Reproduce every entry below precisely; do not include the pictures.

BEGIN Data records

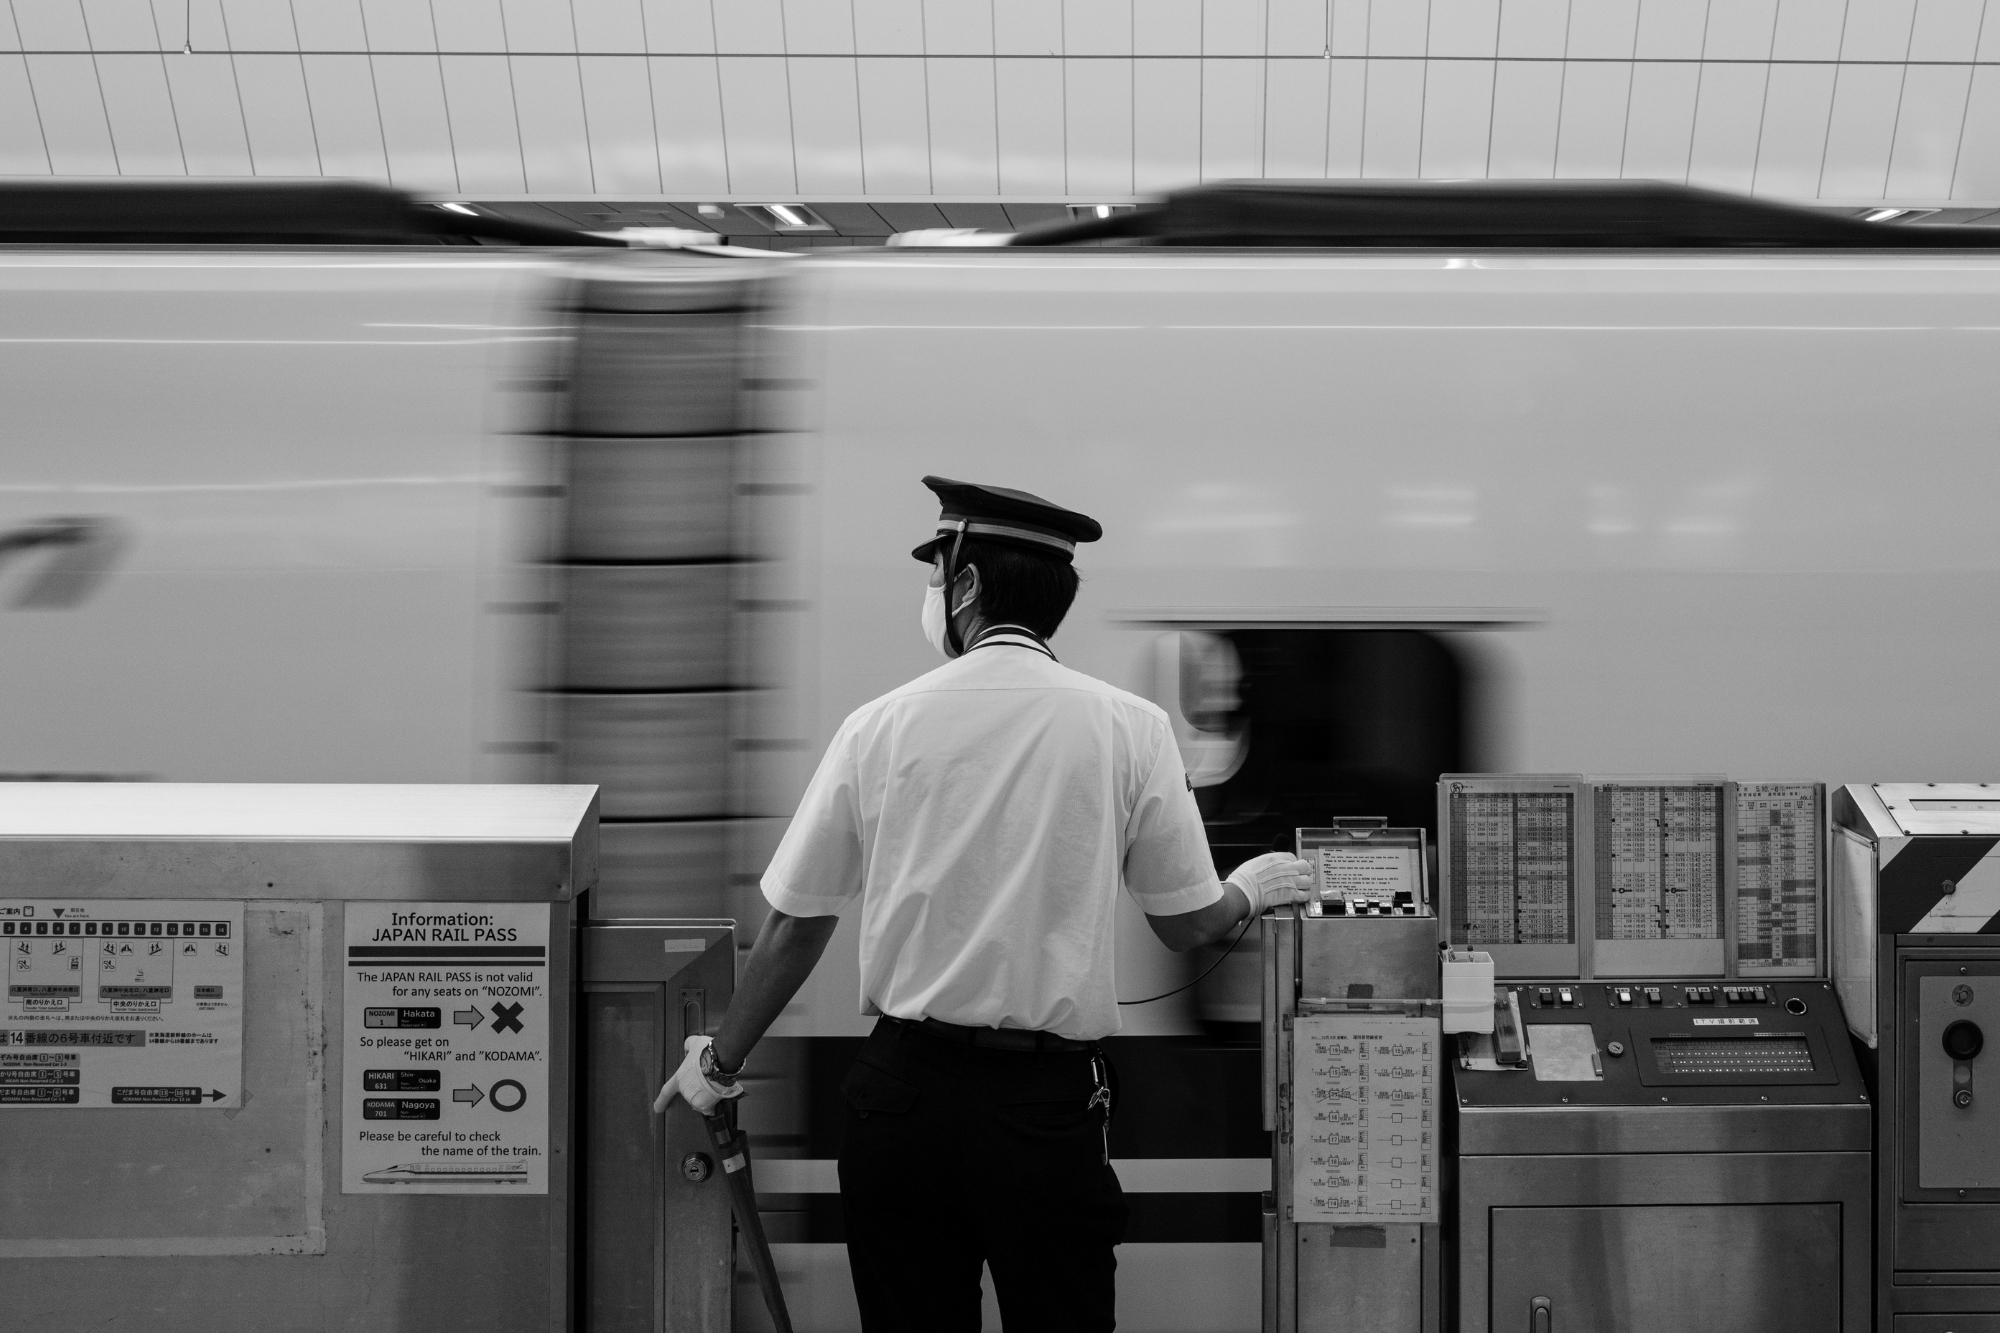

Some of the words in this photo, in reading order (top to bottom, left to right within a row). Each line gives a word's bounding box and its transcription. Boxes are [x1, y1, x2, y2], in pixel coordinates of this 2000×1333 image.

[392, 912, 493, 926] Information:
[372, 928, 426, 941] JAPAN
[432, 928, 469, 941] RAIL
[475, 928, 517, 941] PASS
[357, 972, 377, 982] The
[381, 972, 415, 982] JAPAN
[419, 972, 442, 982] RAIL
[446, 972, 471, 982] PASS
[475, 972, 482, 982] is
[486, 973, 504, 982] not
[508, 972, 533, 982] valid
[392, 986, 408, 996] for
[411, 988, 430, 998] any
[434, 987, 461, 996] seats
[360, 1037, 373, 1047] So
[377, 1037, 411, 1048] please
[415, 1038, 432, 1048] get
[455, 1051, 475, 1061] and
[360, 1131, 394, 1141] Please
[398, 1131, 411, 1141] be
[415, 1131, 451, 1141] careful
[455, 1133, 466, 1141] to
[470, 1131, 500, 1141] check
[422, 1146, 439, 1156] the
[477, 1146, 488, 1156] of
[492, 1146, 509, 1156] the
[513, 1146, 541, 1156] train.
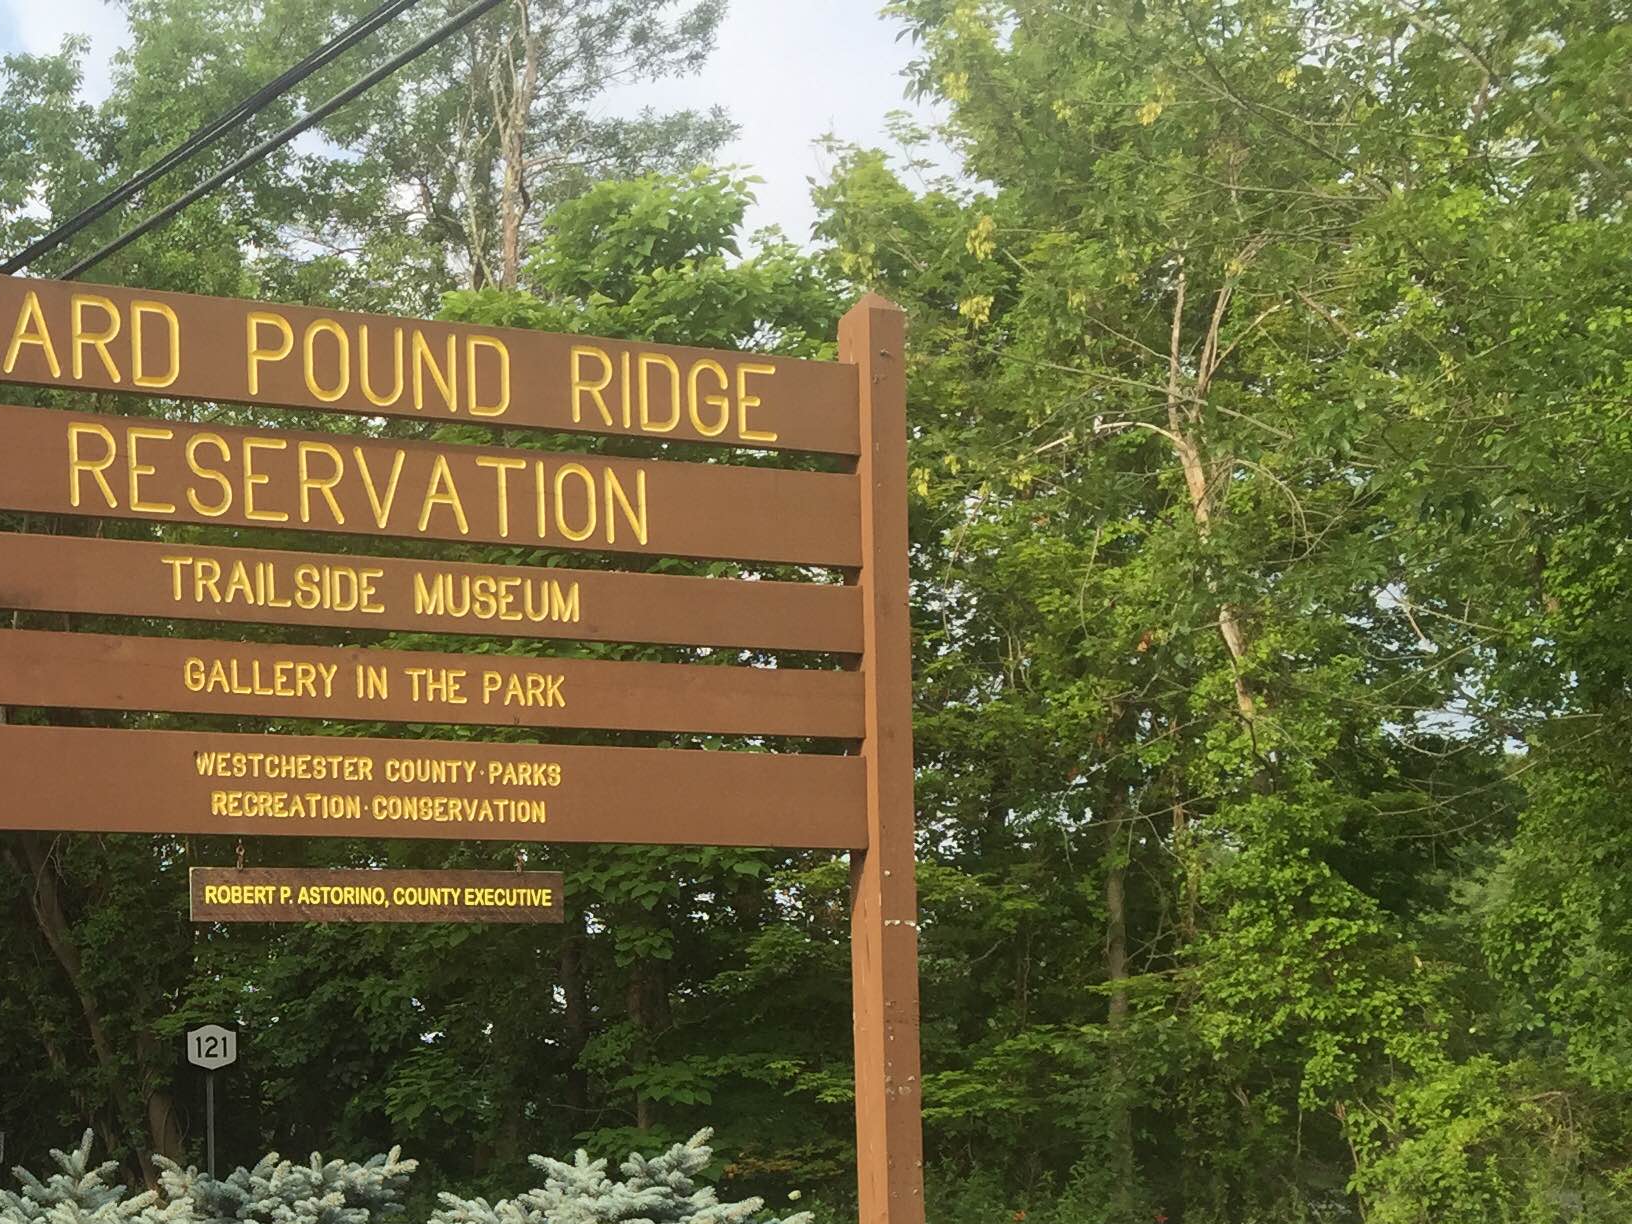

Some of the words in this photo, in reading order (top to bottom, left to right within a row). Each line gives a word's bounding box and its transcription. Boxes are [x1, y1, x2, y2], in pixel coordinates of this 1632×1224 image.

END Data records

## Output for this task
Some of the words in this photo, in reading order (top to bottom, left to right within a row). Each line gives a word's bounding box and its transcription. Boxes are [x1, y1, x2, y2], in pixel coordinates of this 2000×1333 image.

[392, 912, 493, 926] Information:
[372, 928, 426, 941] JAPAN
[432, 928, 469, 941] RAIL
[475, 928, 517, 941] PASS
[357, 972, 377, 982] The
[381, 972, 415, 982] JAPAN
[419, 972, 442, 982] RAIL
[446, 972, 471, 982] PASS
[475, 972, 482, 982] is
[486, 973, 504, 982] not
[508, 972, 533, 982] valid
[392, 986, 408, 996] for
[411, 988, 430, 998] any
[434, 987, 461, 996] seats
[360, 1037, 373, 1047] So
[377, 1037, 411, 1048] please
[415, 1038, 432, 1048] get
[455, 1051, 475, 1061] and
[360, 1131, 394, 1141] Please
[398, 1131, 411, 1141] be
[415, 1131, 451, 1141] careful
[455, 1133, 466, 1141] to
[470, 1131, 500, 1141] check
[422, 1146, 439, 1156] the
[477, 1146, 488, 1156] of
[492, 1146, 509, 1156] the
[513, 1146, 541, 1156] train.

Some of the words in this photo, in reading order (top to bottom, left to right within a row). Each line gives a word's bounding box and its transcription. Boxes are [x1, y1, x2, y2], in pixel coordinates of this 1632×1224 image.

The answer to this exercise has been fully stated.